Text-to-region grounding data
####
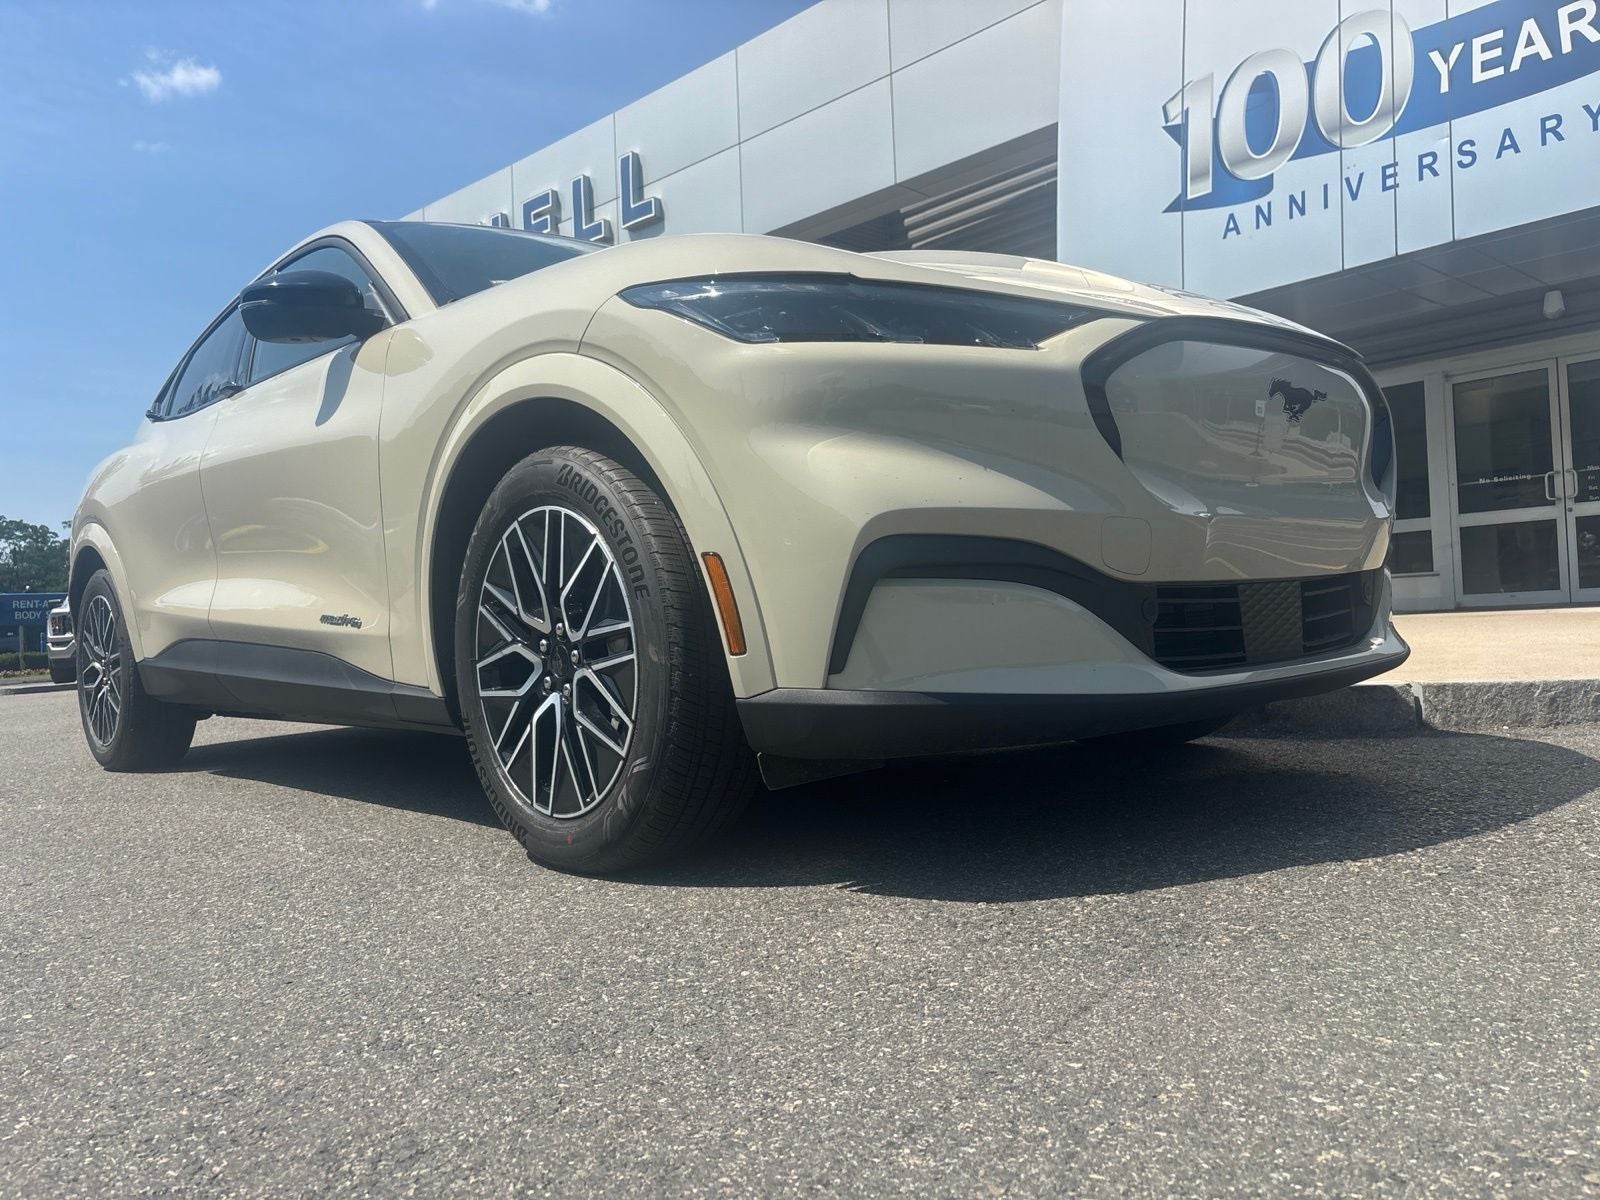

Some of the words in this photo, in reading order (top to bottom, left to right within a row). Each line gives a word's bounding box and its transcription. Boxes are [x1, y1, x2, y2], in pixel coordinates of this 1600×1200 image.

[1163, 9, 1415, 200] 100
[1222, 102, 1600, 240] ANNIVERSARY
[490, 150, 665, 241] ELL
[555, 462, 651, 601] BRIDGESTONE
[14, 611, 42, 620] BODY
####
Your task is to reproduce every record exactly while omitting the pictures.

Some of the words in this photo, in reading order (top to bottom, left to right within a row). Each line gives a word's bounding box and its transcription. Boxes are [x1, y1, x2, y2], in pixel coordinates of this 1600×1200 image.

[1163, 9, 1415, 200] 100
[1222, 102, 1600, 240] ANNIVERSARY
[490, 150, 665, 241] ELL
[555, 462, 651, 601] BRIDGESTONE
[14, 611, 42, 620] BODY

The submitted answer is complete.